Authors: Ruben Allois, Adriano Niglia, Alessandro Pernice, Rubén Cuesta-Barriuso
Summary: Recurrent ankle sprains are common in soccer players, characterized by restricted range of motion, pain, and decreased proprioception, strength, and postural control. The objective was to evaluate the effectiveness of a fascial therapy and strength training program, combined with kinesiotaping, in improving ankle range of motion, pain, strength and stability in footballers with recurrent sprains. A simple blind randomized clinical trial was conducted on soccer players.
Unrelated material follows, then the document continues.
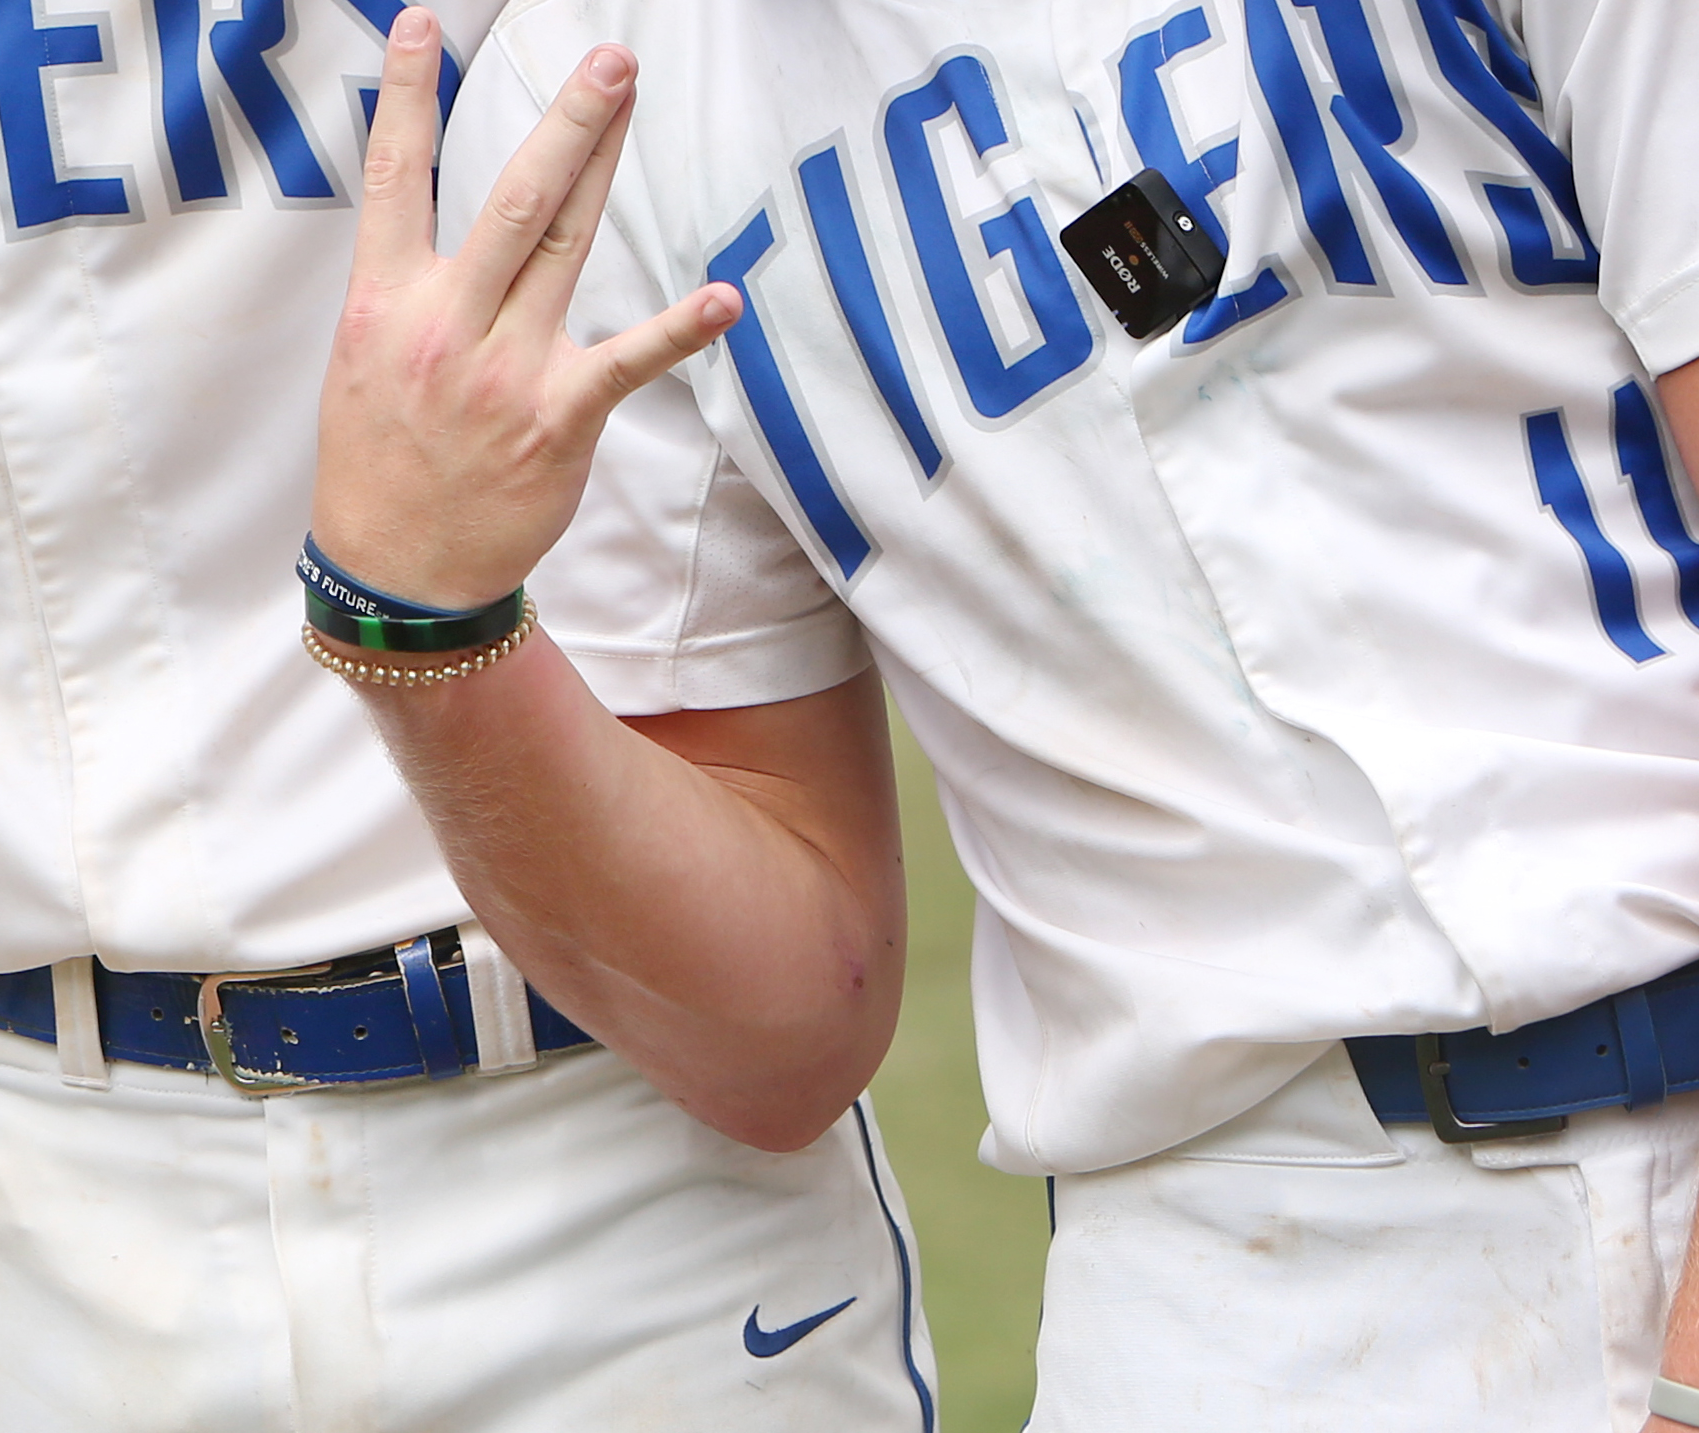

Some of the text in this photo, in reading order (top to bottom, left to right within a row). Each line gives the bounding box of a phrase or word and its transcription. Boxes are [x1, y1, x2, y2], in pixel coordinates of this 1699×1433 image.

Thirty-six federated footballers were recruited and randomized to the two study groups. The experimental group received an intervention using myofascial techniques applied to the subastragaline joint, eccentric training with an isoinertial device and neuromuscular taping. The control group was administered an intervention using myofascial techniques on the subastragaline joint and eccentric training with an isoinertial device. The results were recorded for all players at baseline, after 4 weeks of intervention, and at the end of the 4-week follow-up period. Subsequent to intervention and follow-up, we found statistically significant improvements in the experimental group in ankle mobility, strength and stability. The control group exhibited improvements in all study variables. No differences in the improvement of variables were found based on the allocation of athletes to one group or another. The combination of fascial therapy and eccentric strength training with an isoinertial device improves ankle mobility, strength and stability in footballers with recurrent ankle sprains. The use of taping techniques failed to provide a greater improvement of the study variables when combined with manual therapy and strength techniques.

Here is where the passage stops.